Has meus ad metas sudet oportet equus. 2
My horse must sweating runne,
That this goale may be wonne.
If in reading I fortune to meet with any difficult points, I fret not my selfe about them, but after I have given them a charge or two, I leave them as I found them. Should I earnestly plod upon them, I should loose both time and my selfe, for I have a skipping wit. What I see not at the first view, I shall lesse see it if I opinionate my selfe upon it. I doe nothing without blithnesse; and an over obstinate continuation and plodding contention doth dazle, dul, and wearie the same: my sight is thereby confounded and diminished.

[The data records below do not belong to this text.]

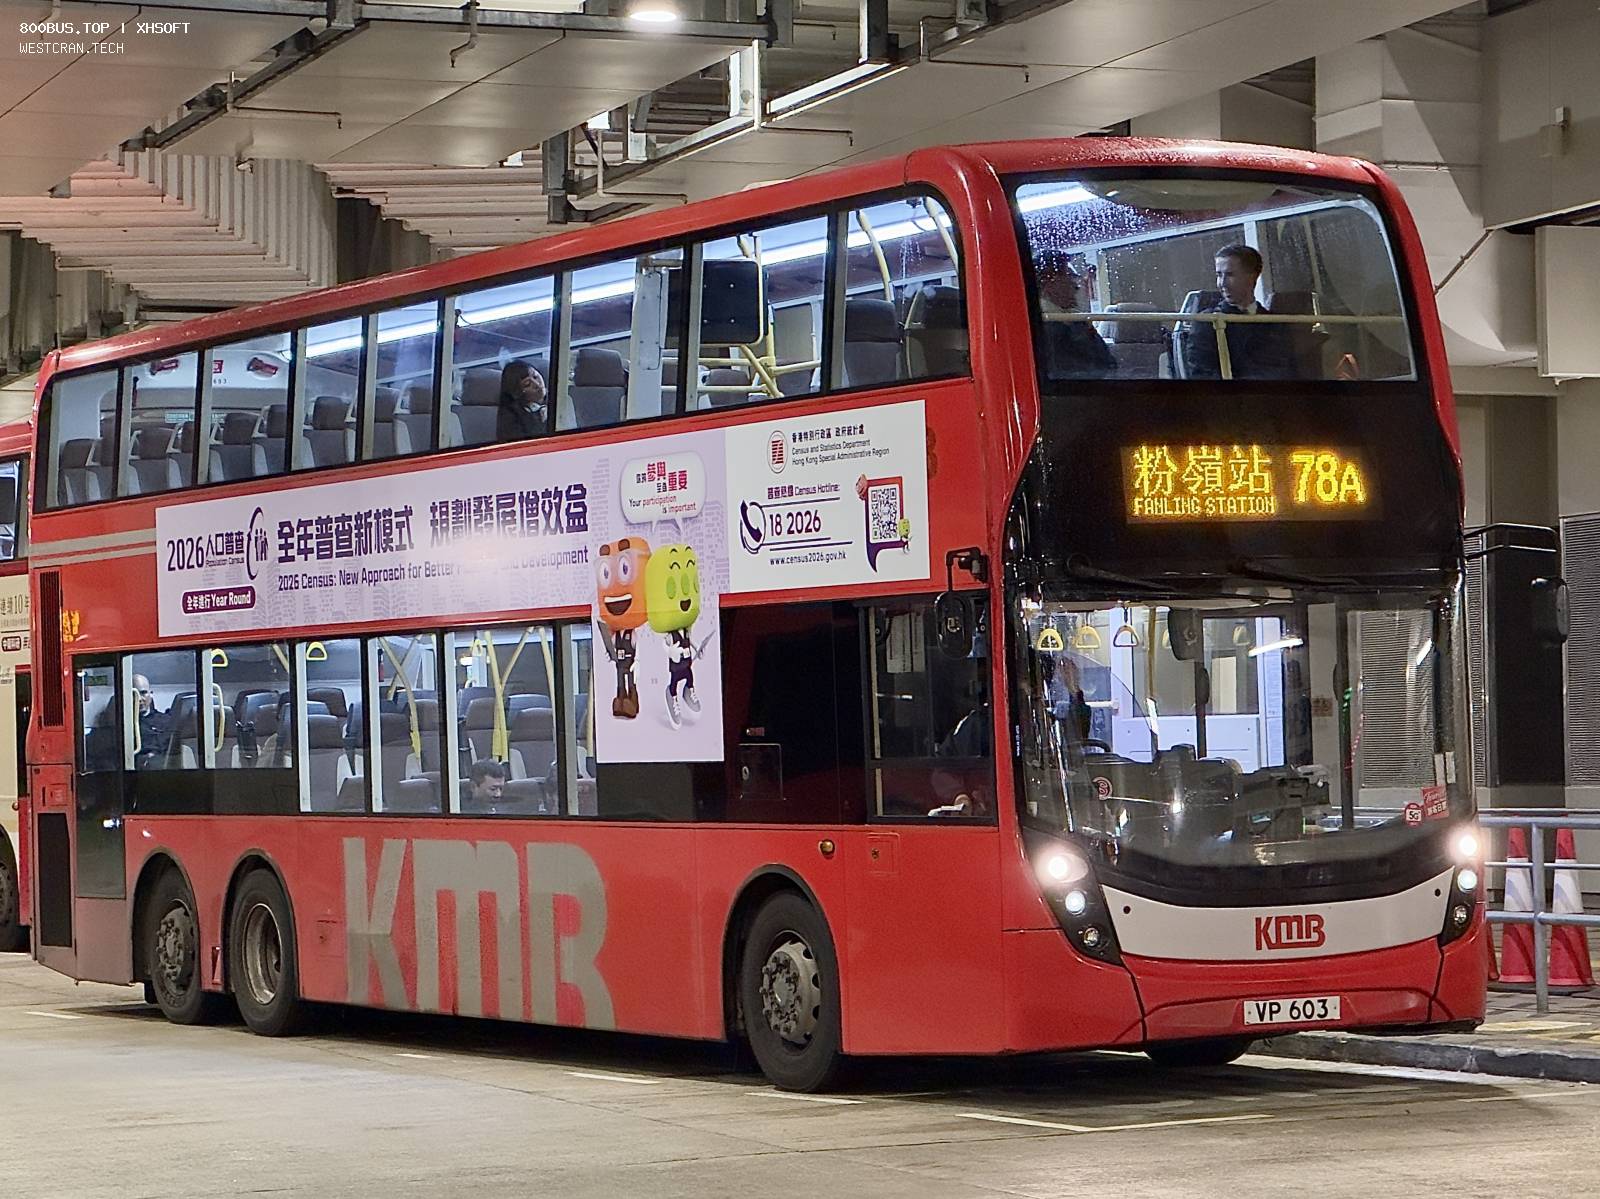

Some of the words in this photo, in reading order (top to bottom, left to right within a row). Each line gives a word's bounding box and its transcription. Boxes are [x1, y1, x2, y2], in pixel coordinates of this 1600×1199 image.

[791, 446, 810, 456] Census
[810, 444, 819, 453] and
[820, 442, 842, 451] Statistics
[842, 439, 871, 449] Department
[792, 457, 805, 467] Hong
[805, 456, 818, 465] Kong
[818, 453, 837, 464] Special
[837, 449, 872, 460] Administrative
[872, 447, 890, 458] Region
[1133, 443, 1272, 497] 粉嶺站
[1290, 451, 1366, 503] 78A
[794, 486, 817, 496] Census
[817, 483, 841, 494] Hotline:
[629, 499, 642, 508] Your
[642, 495, 677, 509] participation
[668, 501, 697, 513] important
[1133, 497, 1201, 515] FANLING
[1206, 497, 1276, 515] STATION
[277, 504, 415, 564] 全年普查新模式
[429, 483, 589, 549] 規劃發展增效益
[769, 513, 783, 536] 18
[786, 509, 822, 535] 2026
[167, 536, 205, 572] 2026
[205, 530, 245, 558] 人口普查
[769, 552, 848, 566] www.census2026.gov.hk
[278, 574, 300, 592] 2026
[301, 571, 337, 590] Census:
[339, 569, 359, 586] New
[361, 564, 405, 588] Approach
[407, 563, 422, 578] for
[210, 594, 228, 607] Year
[228, 590, 251, 605] Round
[1409, 810, 1420, 820] 5G
[342, 836, 616, 1030] KMB
[1255, 914, 1326, 951] KMB
[1255, 1002, 1281, 1022] VP
[1289, 999, 1329, 1020] 603
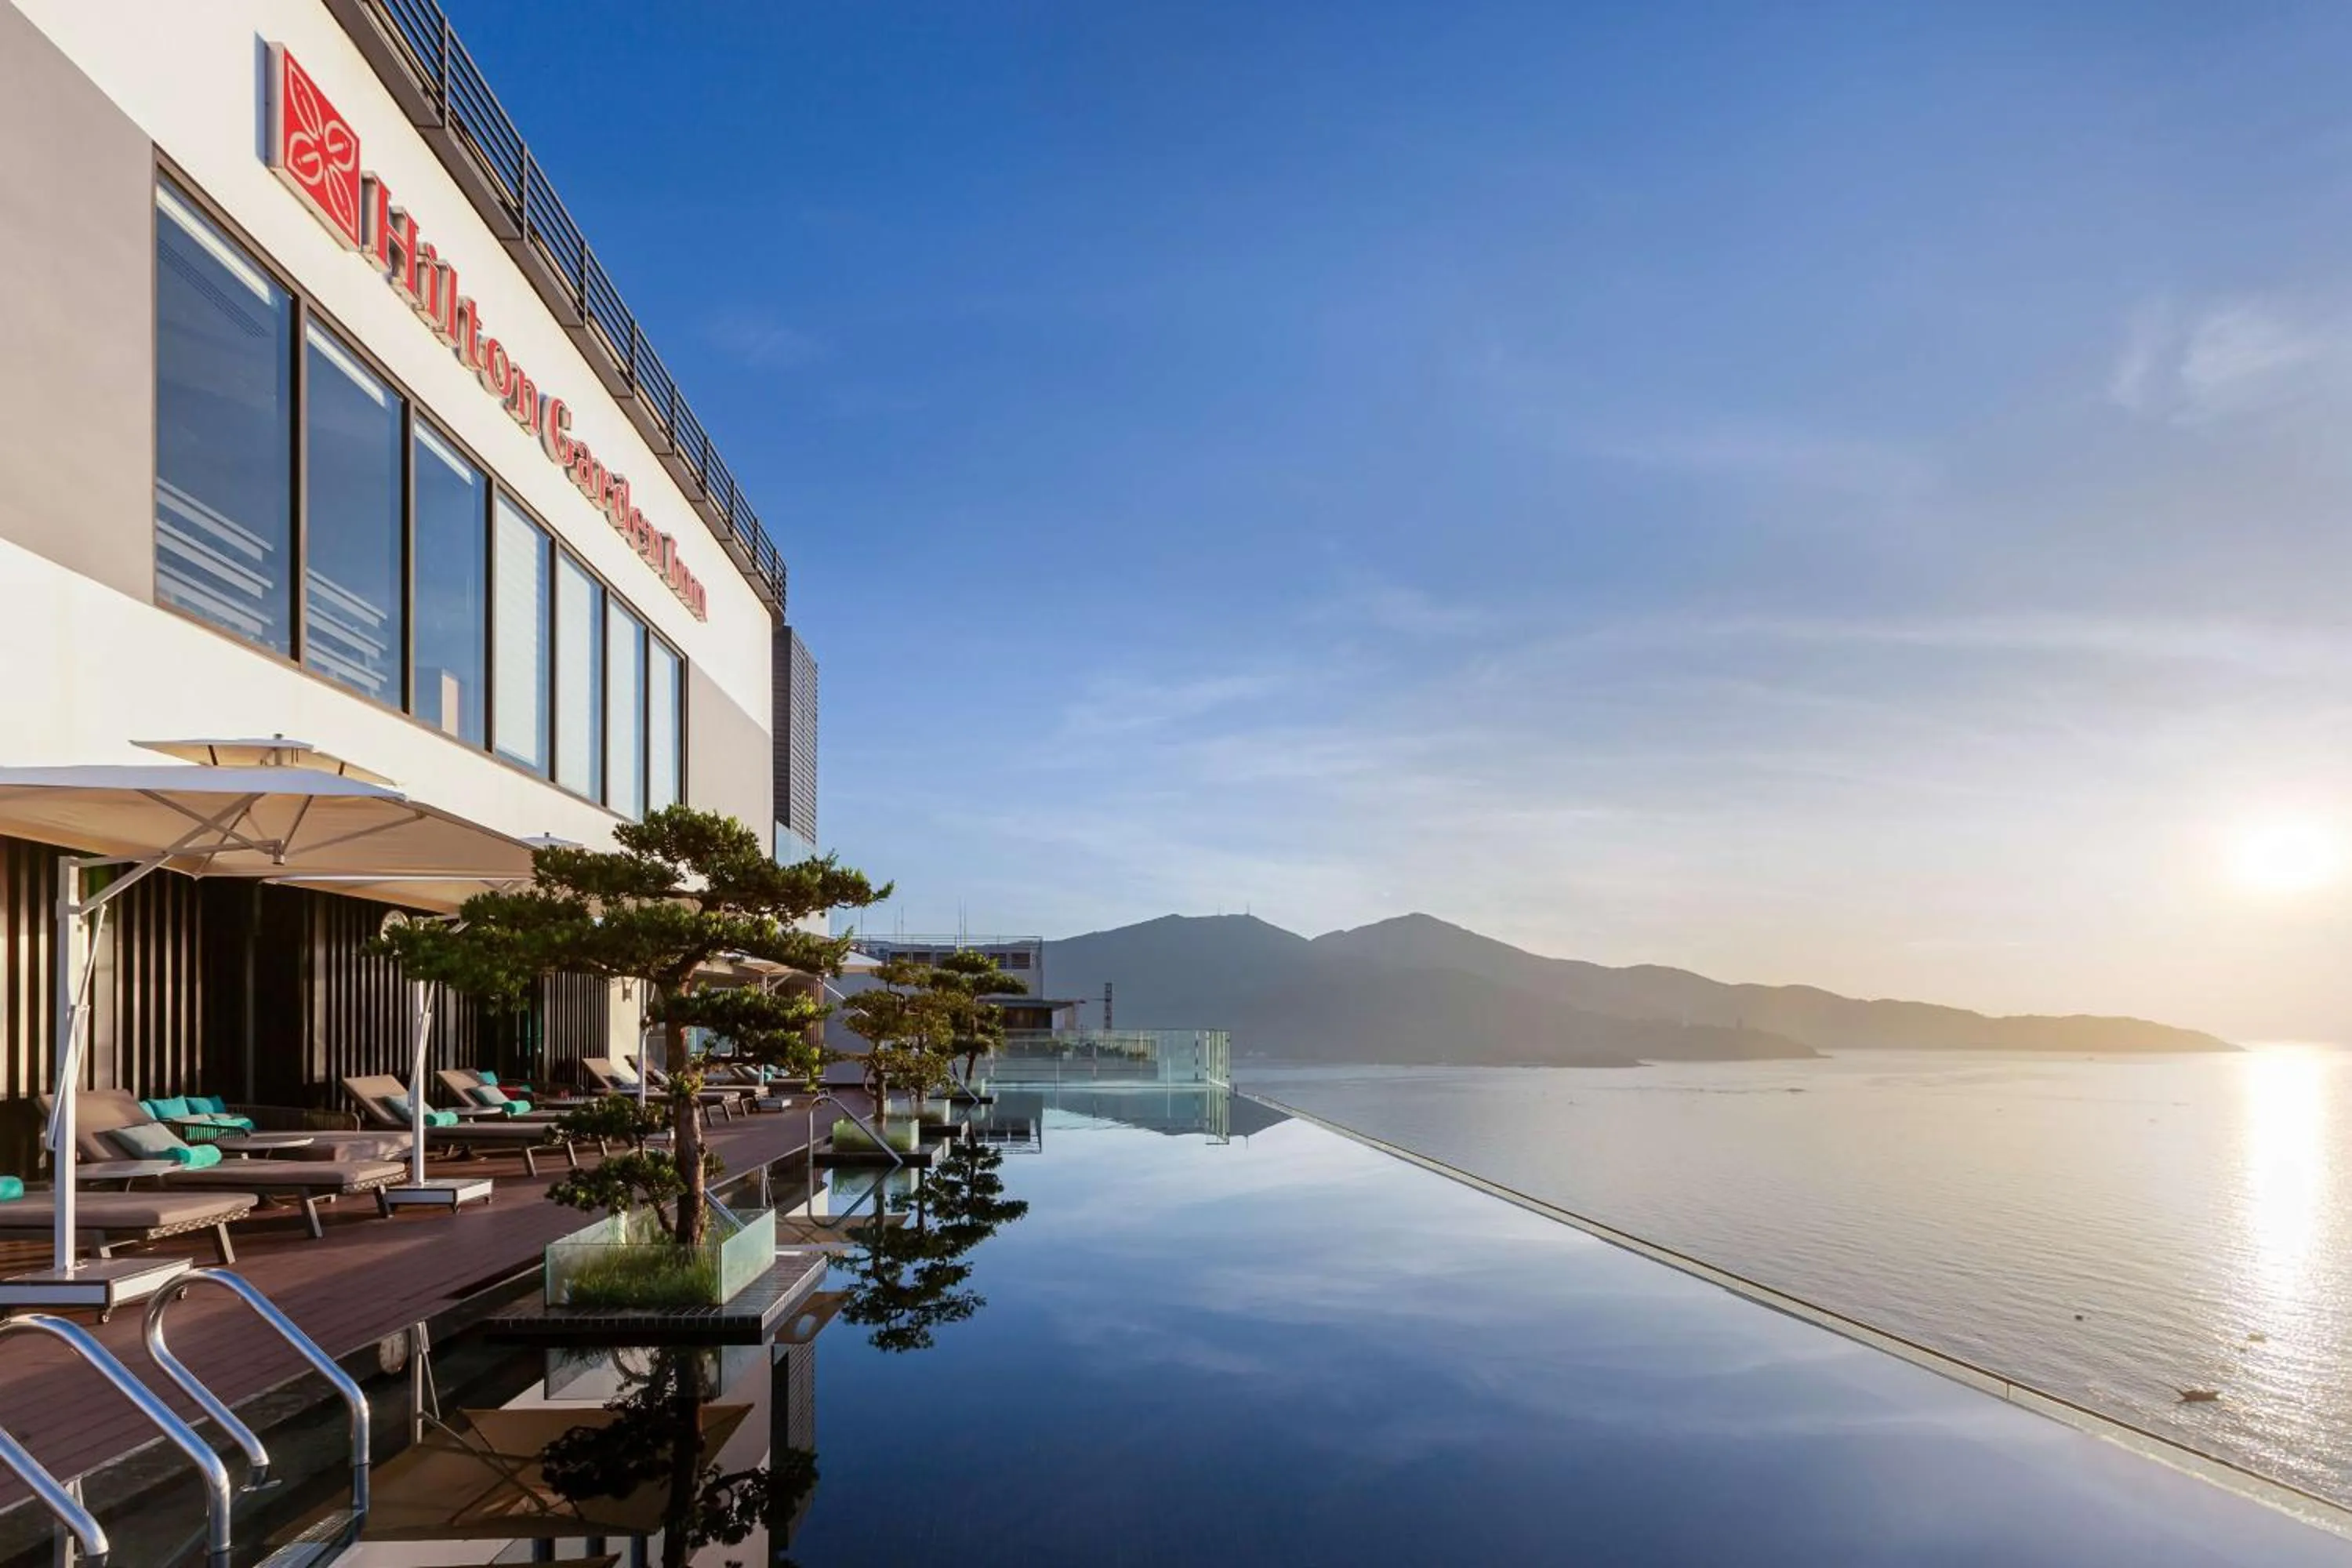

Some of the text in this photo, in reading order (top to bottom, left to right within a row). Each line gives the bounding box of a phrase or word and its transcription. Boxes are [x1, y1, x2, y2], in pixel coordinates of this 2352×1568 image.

[364, 172, 707, 622] Hilton Garden Inn

I must therefore withdraw it, and at fittes goe to it againe. Even as to judge well of the lustre of scarlet we are taught to cast our eyes over it, in running over by divers glances, sodaine glimpses and reiterated reprisings. 3 If one booke seeme tedious unto me I take another, which I follow not with any earnestnesse, except it be at such houres as I am idle, or that I am weary with doing nothing. I am not greatly affected to new books, because ancient Authors are, in my judgement, more full and pithy: nor am I much addicted to Greeke books, forasmuch as my understanding cannot well rid 4 his worke with a childish and apprentise intelligence. Amongst moderne bookes meerly pleasant, I esteeme Bocace his Decameron, Rabelais, and the kisses of John the second (if they may be placed under this title), worth the paines-taking to reade them. As for Amadis and such like trash of writings, they had never the credit so much as to allure my youth to delight in them. ...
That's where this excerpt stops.